They called FEMA but unfortunately by the time they show up the shampoo will have expired.








[/quote]

ZANG!!!


----------



## Piranha-Freak101 (Dec 8, 2010)

TheWayThingsR said:


> This just in: Californians visiting the East Coast reported a mouse fart.


Bahahahahahahaha


----------



## Wide_Eyed_Wanderer (Aug 22, 2006)

If you felt the quake in your city, open up a new window, go on google and pull up a map of said city and hold the F11 key.


----------



## Boobah (Jan 25, 2005)

Didn't feel anything in SC


----------



## scent troll (Apr 4, 2005)

im in cleveland. felt nothing. but the highrises downtown had some movement on the upper floors i heard. they were showing lights swaying on the ceilings.

didnt even know it happened. i saw some of the videos from VA. they have some serious damage! crazy. not a common occurance around here. we usually get minor minor quakes once every few years that are nothing more then a 1.0-2.0 little tremor


----------



## MFNRyan (Mar 27, 2011)

I'm in Pitt right now and I felt it, GF is still back home she said she felt it big time, thought the house got hit by something or our hot water heater blew up in the basement ha ha.. Pretty crazy stuff man! I was at a meeting when it went off and we thought it was something going on upstairs! Nothing devastating like that store with the bottles on the ground.. LOL thank god for that!!!


----------



## TheSpaz13 (Apr 9, 2010)

I felt it big...I was in Berkeley Heights, NJ in a Kings grocery store. They have big 6'x6' windows all on the front of the store and I was amazed none of them ended up broken. The drop ceiling was kinda creepy too...everything was rattling up there


----------



## MFNRyan (Mar 27, 2011)

kove32 said:


> I live in pittsburgh and didn't feel anything.. Right in downtown too.. Apparently others did though!

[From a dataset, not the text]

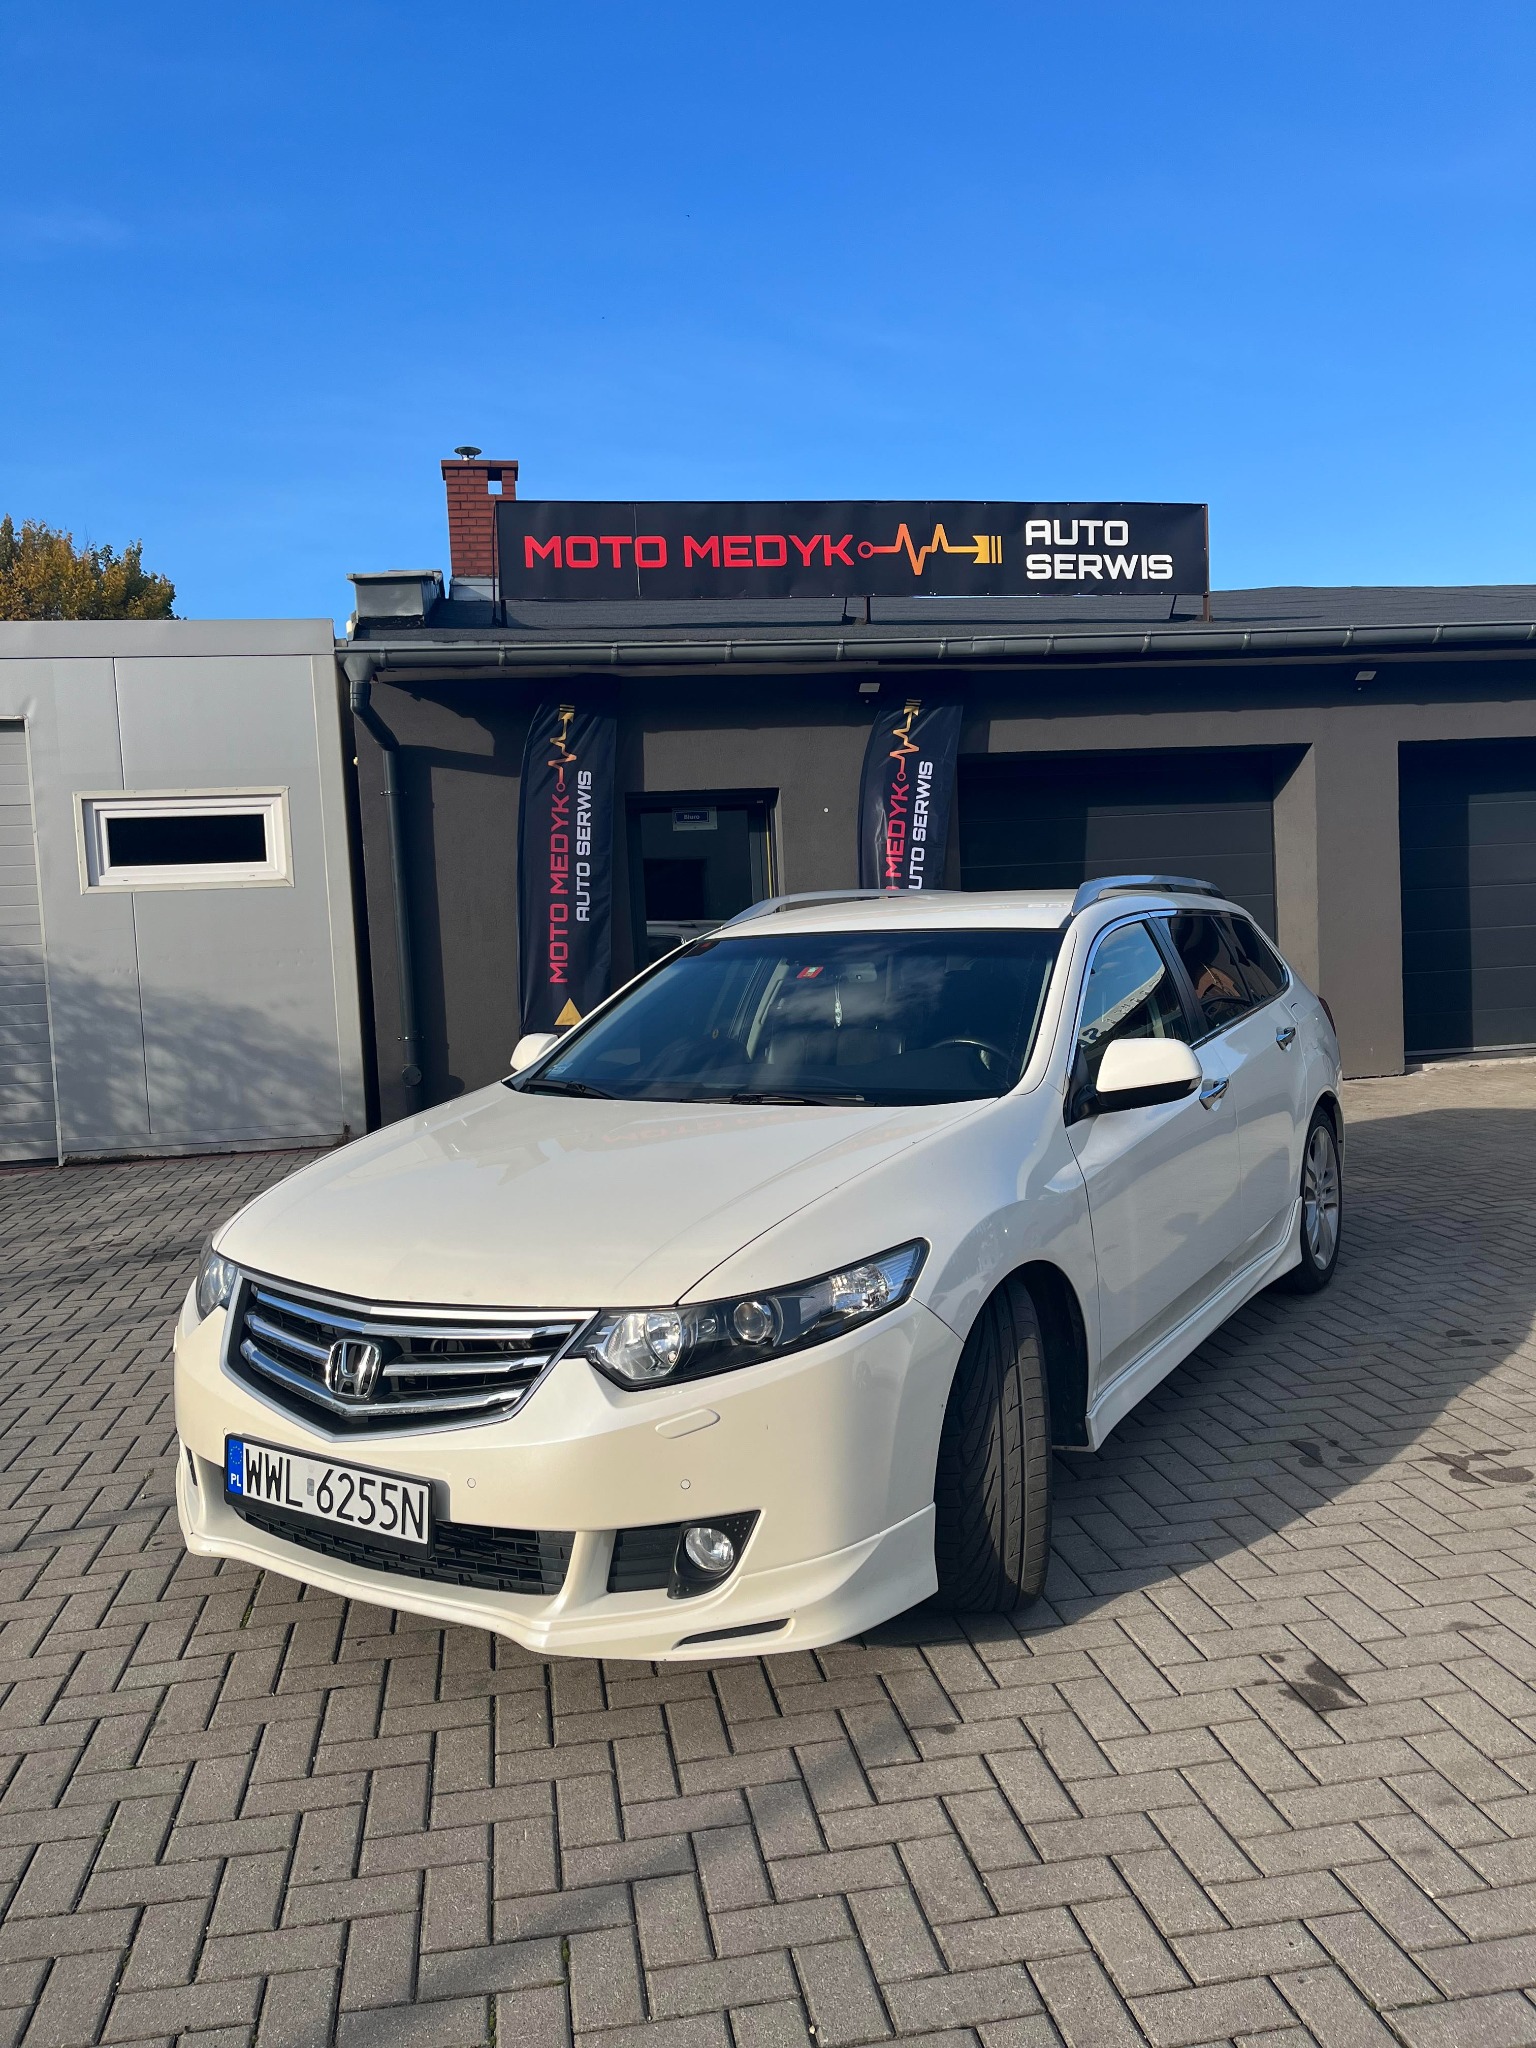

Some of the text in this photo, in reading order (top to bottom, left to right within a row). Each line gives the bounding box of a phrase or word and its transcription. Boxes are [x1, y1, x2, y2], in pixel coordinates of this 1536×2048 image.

I was in PItt to, not far from you man an I felt it. Wasn't huge but I felt it


----------



## muskielover1 (Dec 7, 2004)

^sig worthy???


----------



## MFNRyan (Mar 27, 2011)

dunno what sig worthy means lol sorry man


----------



## Da' Manster! (Sep 1, 2009)

MFNRyan said:


> dunno what sig worthy means lol sorry man


It's a P-Fury thing, Ryan!...what Muskie is trying to say is the way that last sentence came out, it was implying that you were touching and feeling c*ck!...


----------



## MFNRyan (Mar 27, 2011)

BAH HA HA HA!!! I get it now.. wasn't huge but I felt it.. thats funny stuff man lol


----------



## Smoke (Sep 8, 2010)




----------



## MFNRyan (Mar 27, 2011)

What can I say...


----------



## muskielover1 (Dec 7, 2004)

TY da'MAN


----------



## Piranha Dan (Nov 11, 2007)

Found on the net....


----------



## hastatus (Jan 16, 2003)

I've been through several major quakes in California, 7.2 if I recall being the largest. 5.8 while seeming bad isn't much to me unless you've never felt one before. Ive slept through them at that scale.


----------



## TheSpaz13 (Apr 9, 2010)

That's just it though, around here whatever quakes we get are barely enough to register on a seismometer, let alone be felt. Almost everyone that has felt a quake before is like you Frank, someone that's been on the west coast. To be honest though, if I was asleep, I probably wouldn't have woken up from it...


----------



## JustJoshinYa (Mar 25, 2006)

5.8??? you call that a quake... thats not a quake...... still waitin for the "big one" out here on the west coast last one we had was a "rolling" slip and made you feel like you were drunk it was crazy not big just so gentle made you feel drunk.


----------